** Exercise instructions **
Restate the entries below exactly. Images are not part of the copy.

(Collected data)

---

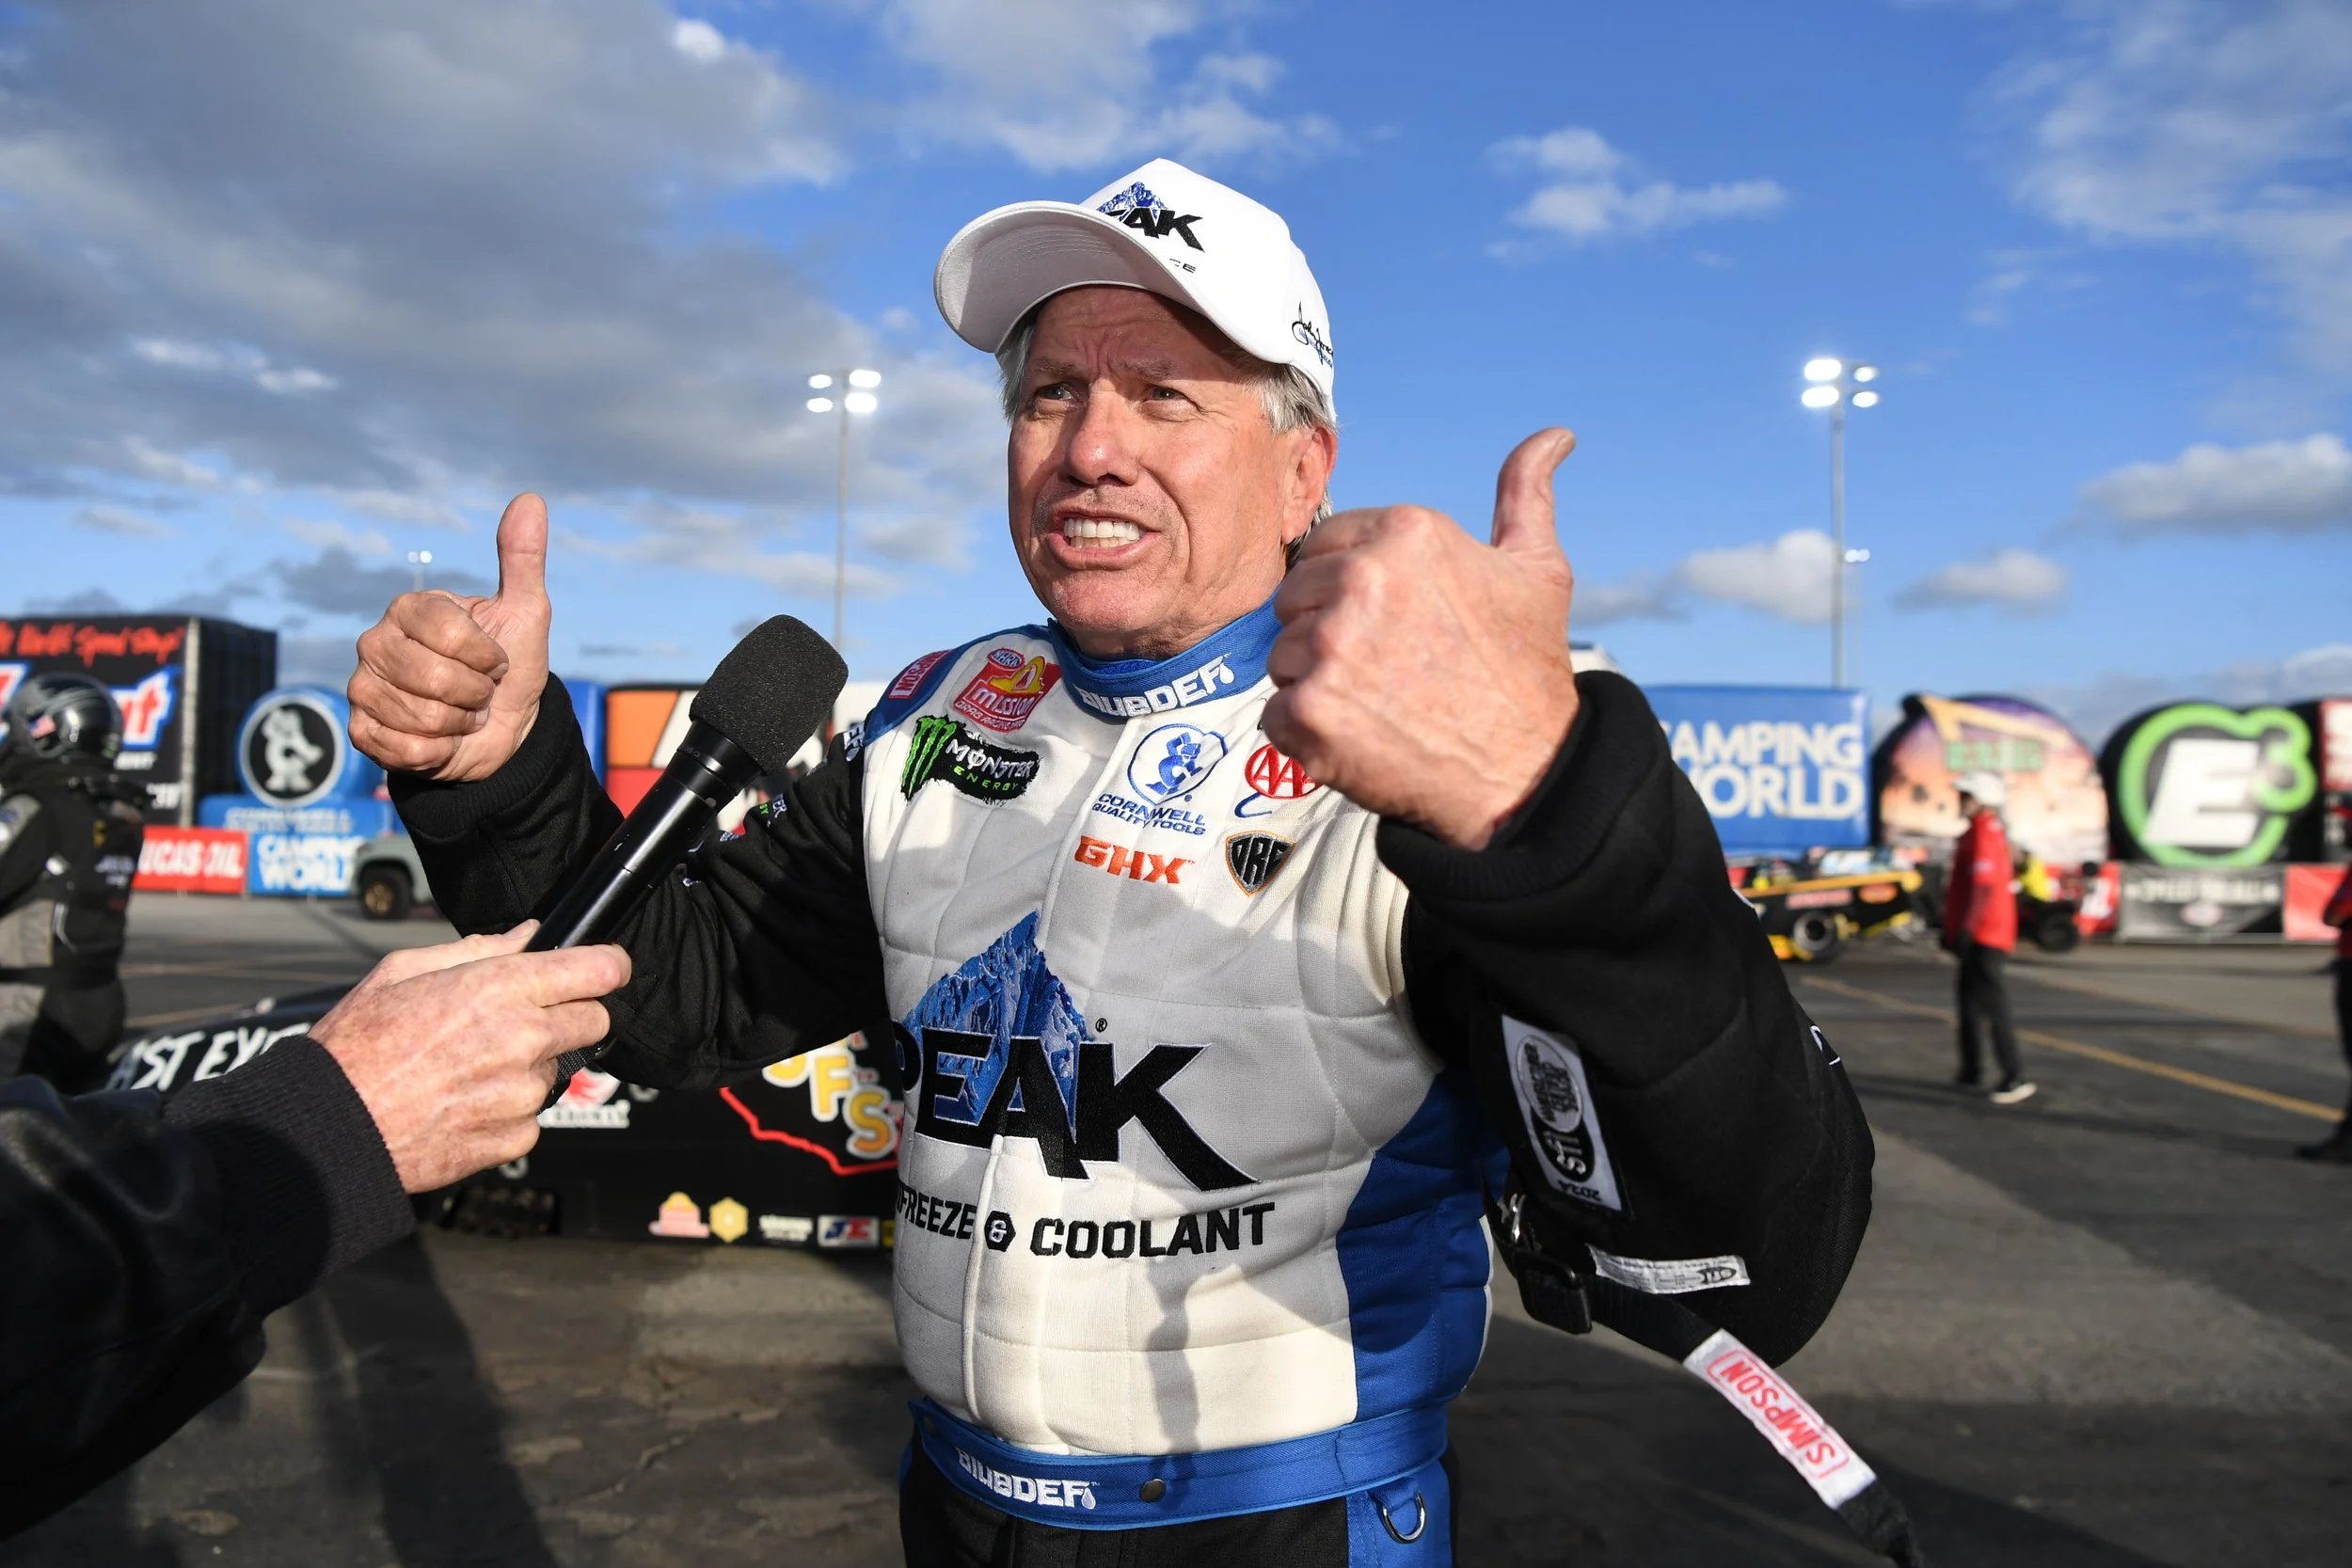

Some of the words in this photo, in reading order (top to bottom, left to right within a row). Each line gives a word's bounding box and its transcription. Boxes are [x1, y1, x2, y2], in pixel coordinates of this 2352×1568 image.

[1104, 207, 1205, 253] AK
[993, 650, 1021, 667] NHRA
[1659, 721, 1864, 771] AMPING
[953, 765, 1019, 791] ENERGY
[1253, 745, 1315, 798] AA
[1688, 763, 1867, 821] ORLD
[1091, 802, 1151, 829] QUALITY
[1152, 817, 1206, 836] TOOLS
[1098, 793, 1206, 826] CORNWELL
[137, 839, 202, 877] UCAS
[259, 859, 358, 891] WORL
[1074, 835, 1188, 884] GHX
[897, 1181, 977, 1240] FREEZE
[1029, 1202, 1276, 1259] COOLANT
[1719, 1360, 1836, 1467] SIMPSON
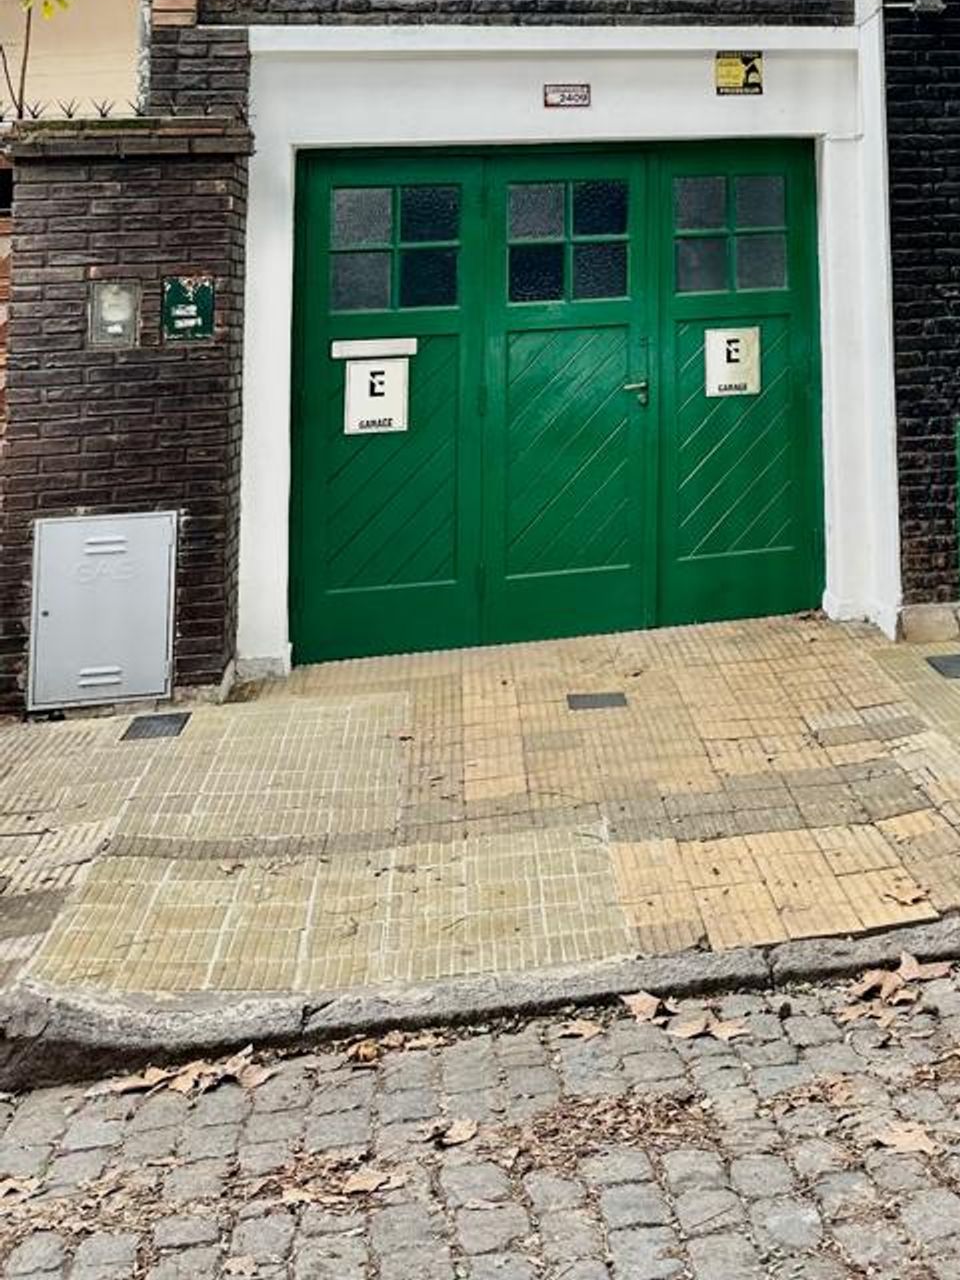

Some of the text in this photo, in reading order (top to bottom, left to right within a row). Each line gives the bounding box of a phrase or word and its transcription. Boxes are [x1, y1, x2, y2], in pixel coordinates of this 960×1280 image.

[560, 94, 588, 103] 2409
[726, 338, 740, 364] E
[369, 370, 385, 397] E
[717, 383, 748, 393] GARAGE
[358, 417, 393, 429] GARAGE

---

** Task result **
Some of the words in this photo, in reading order (top to bottom, left to right within a row). Each line gives a word's bounding box and its transcription. Boxes are [x1, y1, x2, y2], in pixel coordinates of this 2352×1568 image.

[1104, 207, 1205, 253] AK
[993, 650, 1021, 667] NHRA
[1659, 721, 1864, 771] AMPING
[953, 765, 1019, 791] ENERGY
[1253, 745, 1315, 798] AA
[1688, 763, 1867, 821] ORLD
[1091, 802, 1151, 829] QUALITY
[1152, 817, 1206, 836] TOOLS
[1098, 793, 1206, 826] CORNWELL
[137, 839, 202, 877] UCAS
[259, 859, 358, 891] WORL
[1074, 835, 1188, 884] GHX
[897, 1181, 977, 1240] FREEZE
[1029, 1202, 1276, 1259] COOLANT
[1719, 1360, 1836, 1467] SIMPSON

Some of the text in this photo, in reading order (top to bottom, left to right within a row). Each line gives the bounding box of a phrase or word and its transcription. Boxes are [x1, y1, x2, y2], in pixel coordinates of this 960×1280 image.

[560, 94, 588, 103] 2409
[726, 338, 740, 364] E
[369, 370, 385, 397] E
[717, 383, 748, 393] GARAGE
[358, 417, 393, 429] GARAGE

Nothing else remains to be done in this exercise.